What to do: Copy out all the lines of the data precisely, omitting any pictures.

Collected data:
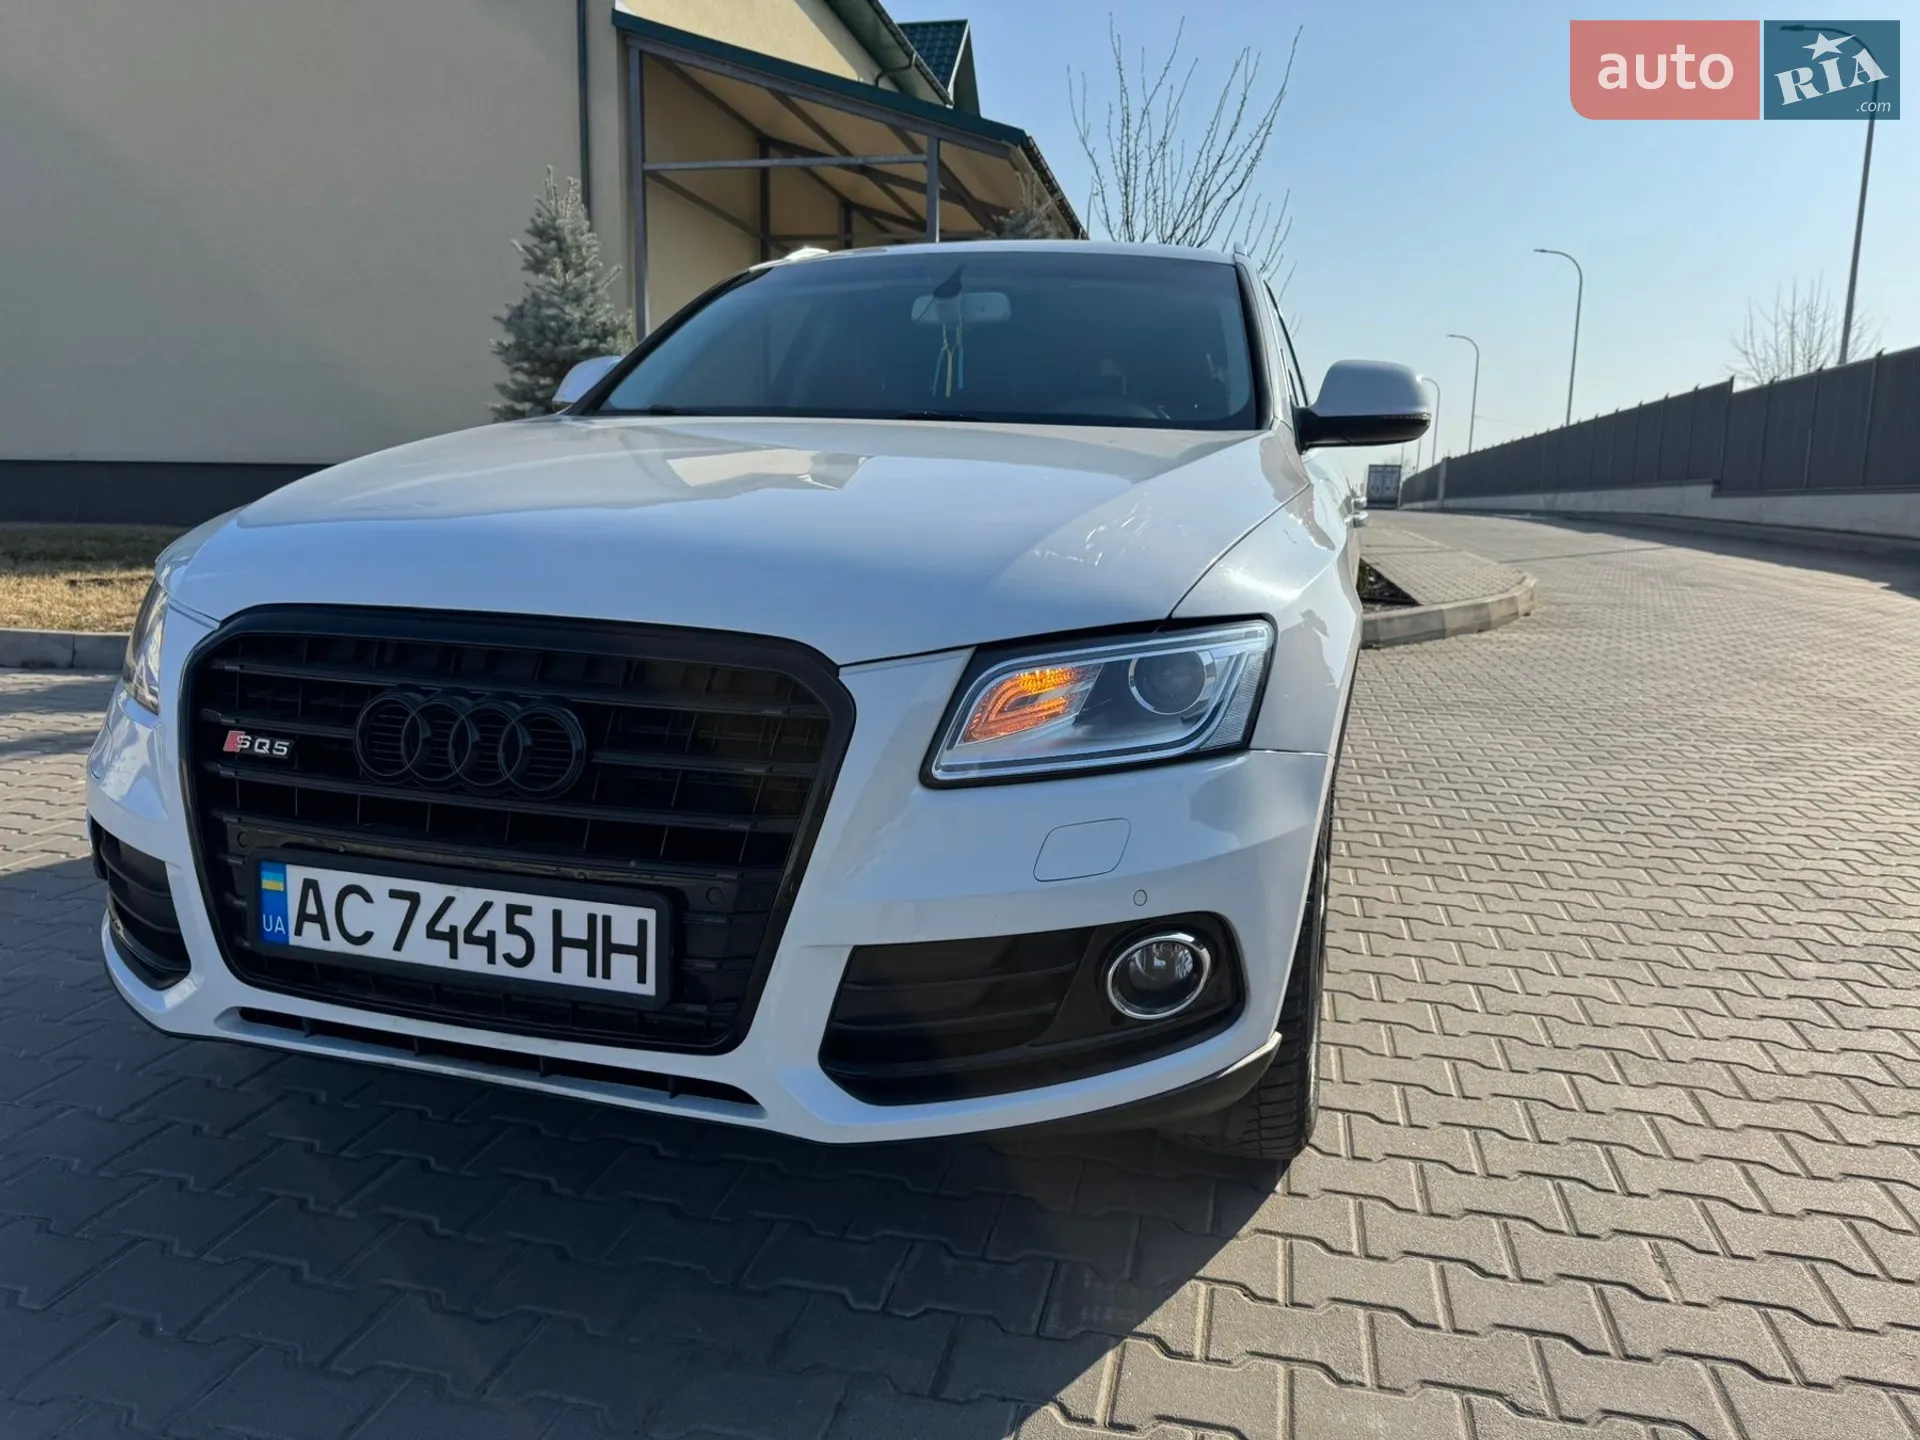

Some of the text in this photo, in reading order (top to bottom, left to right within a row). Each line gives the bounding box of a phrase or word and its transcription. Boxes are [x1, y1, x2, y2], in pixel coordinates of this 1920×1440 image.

[236, 735, 290, 756] SQ5
[262, 914, 286, 935] UA
[294, 878, 648, 985] AC 7445 HH
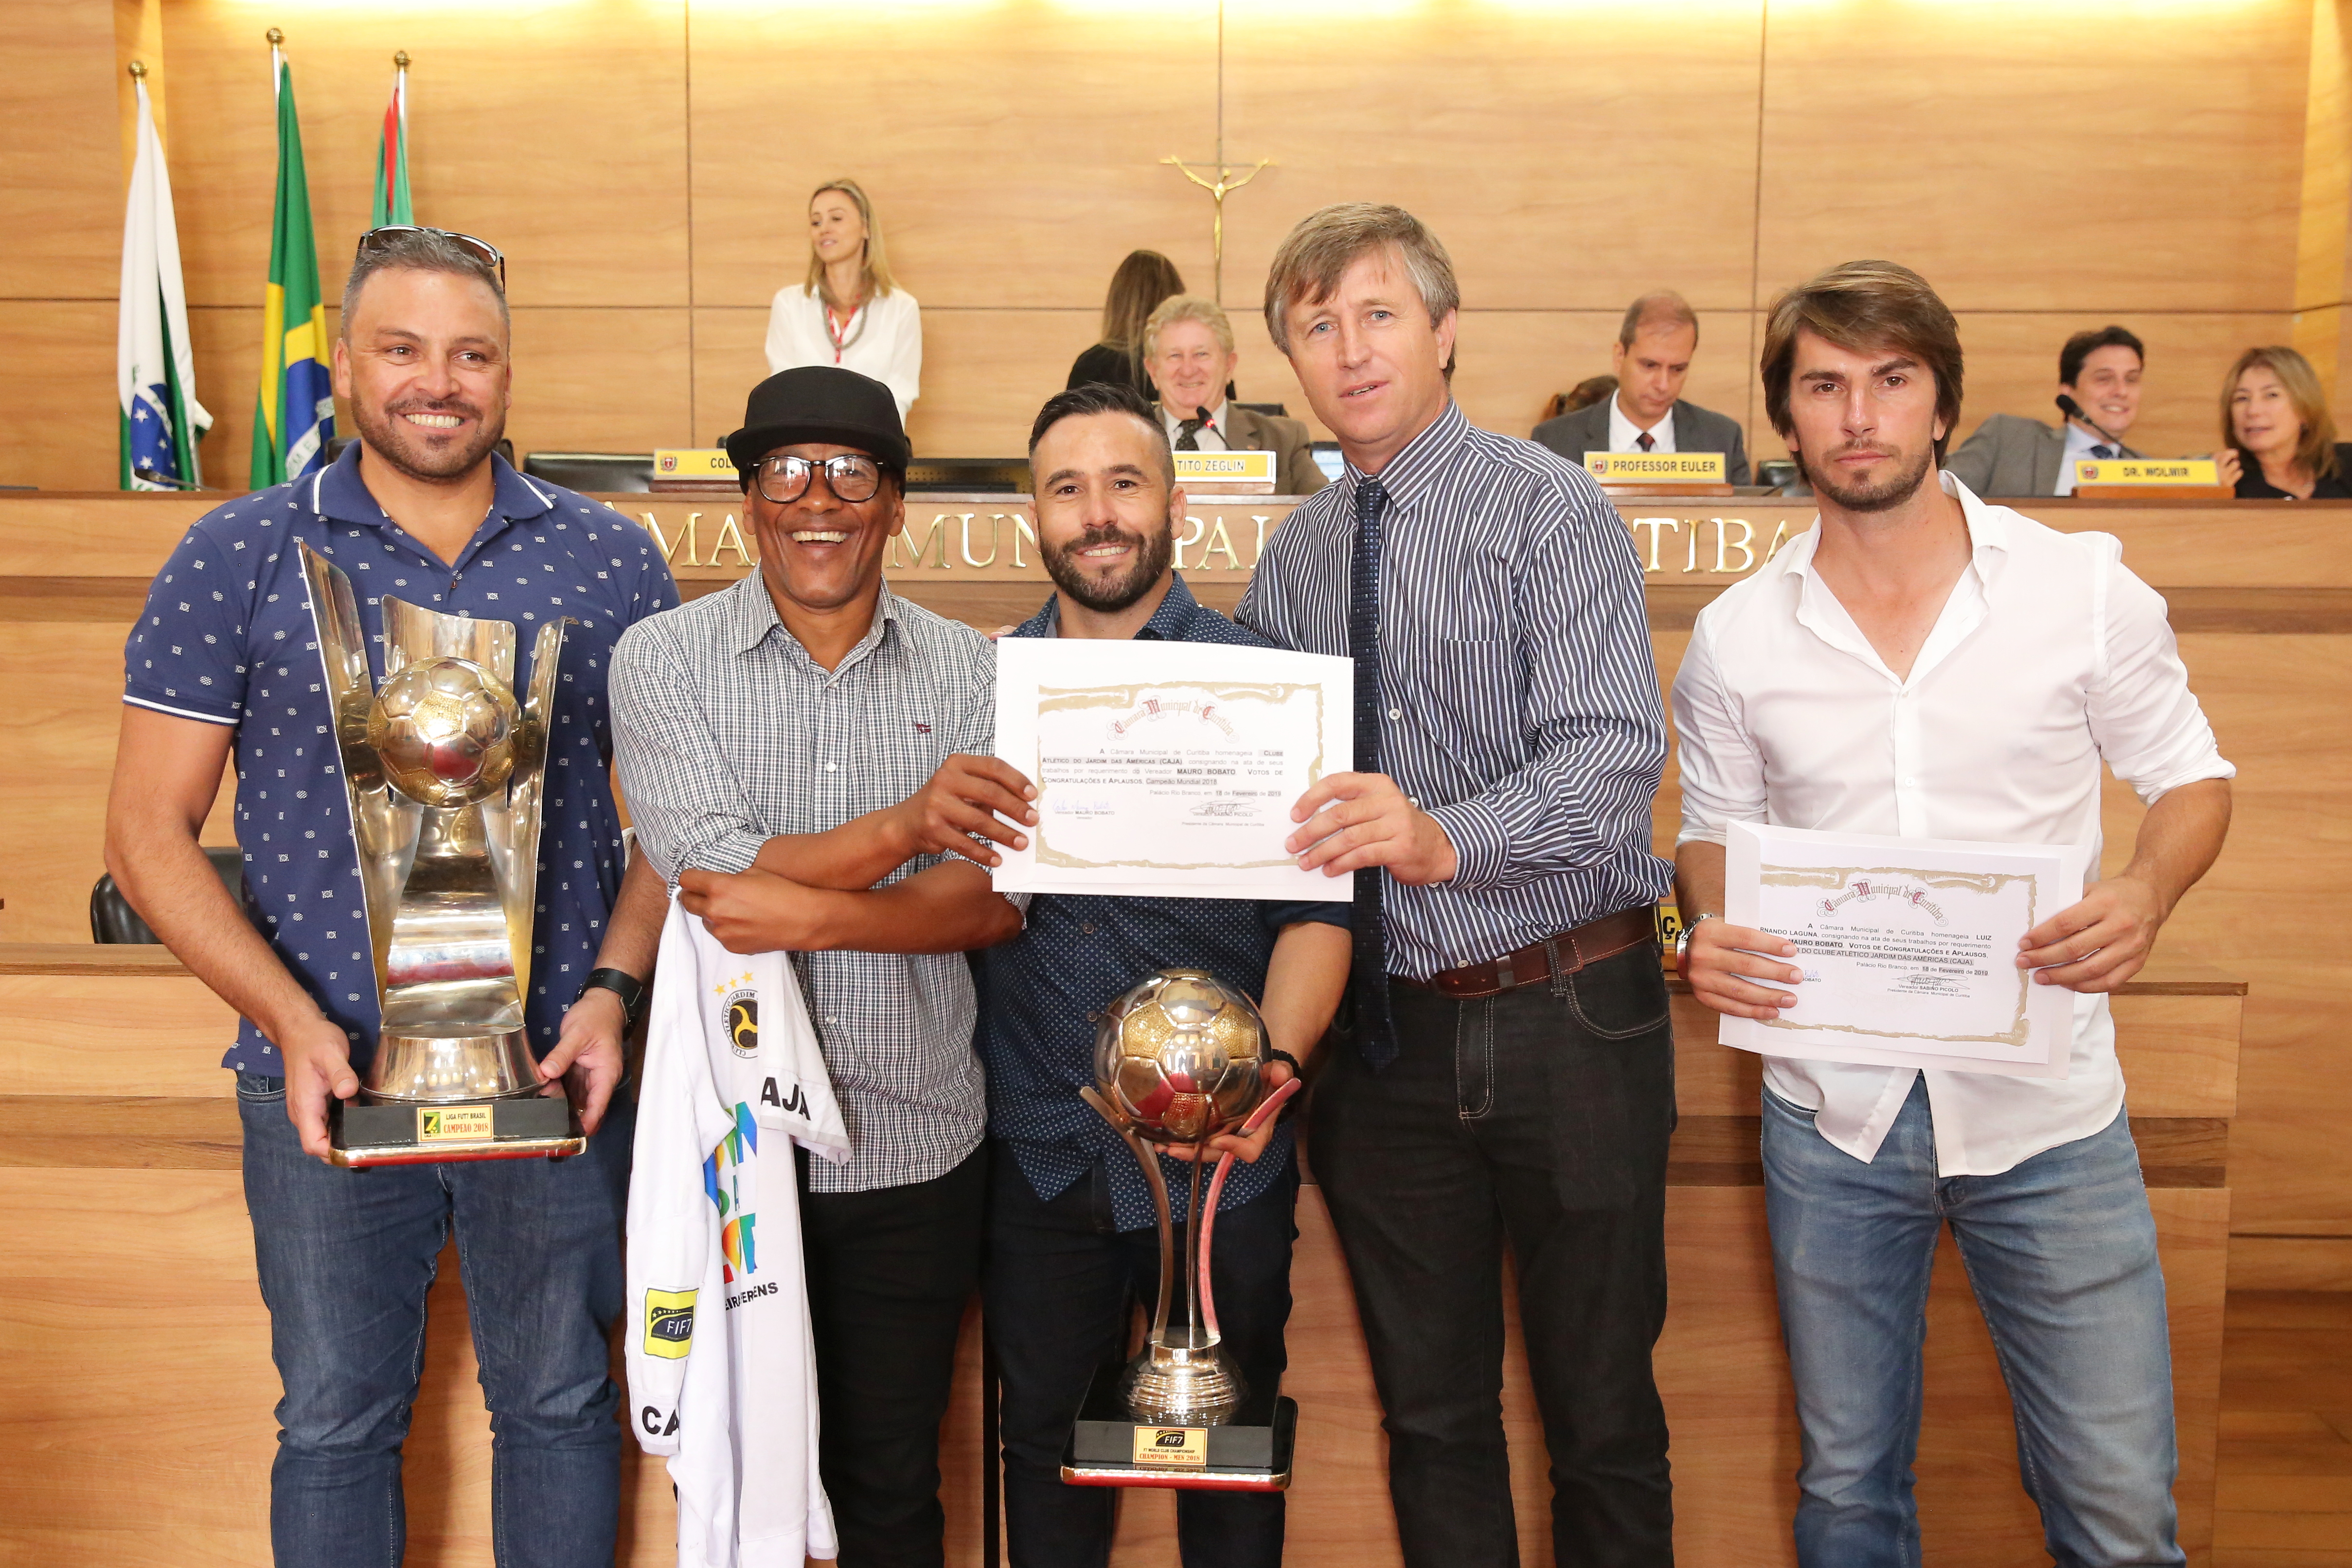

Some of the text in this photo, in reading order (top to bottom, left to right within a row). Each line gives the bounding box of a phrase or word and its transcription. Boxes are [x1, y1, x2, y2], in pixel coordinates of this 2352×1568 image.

[711, 458, 734, 468] COL
[1177, 461, 1244, 470] TITO ZEGLIN
[1614, 461, 1715, 471] PROFESSOR EULER
[1884, 945, 1943, 955] CONGRATULAÇÕES
[760, 1076, 811, 1121] AJA
[474, 1123, 489, 1132] 2018
[666, 1318, 692, 1335] FIF7
[641, 1406, 679, 1436] CA
[1164, 1436, 1183, 1444] FIF7

Solution:
Some of the text in this photo, in reading order (top to bottom, left to right within a row). Each line gives the bounding box of a phrase or word and its transcription. Boxes are [x1, y1, x2, y2], in pixel coordinates of this 1920×1440 image.

[236, 735, 290, 756] SQ5
[262, 914, 286, 935] UA
[294, 878, 648, 985] AC 7445 HH

Some of the text in this photo, in reading order (top to bottom, left to right within a row). Each line gives the bounding box of a phrase or word and its transcription. Boxes are [x1, y1, x2, y2], in pixel coordinates of this 2352×1568 image.

[711, 458, 734, 468] COL
[1177, 461, 1244, 470] TITO ZEGLIN
[1614, 461, 1715, 471] PROFESSOR EULER
[1884, 945, 1943, 955] CONGRATULAÇÕES
[760, 1076, 811, 1121] AJA
[474, 1123, 489, 1132] 2018
[666, 1318, 692, 1335] FIF7
[641, 1406, 679, 1436] CA
[1164, 1436, 1183, 1444] FIF7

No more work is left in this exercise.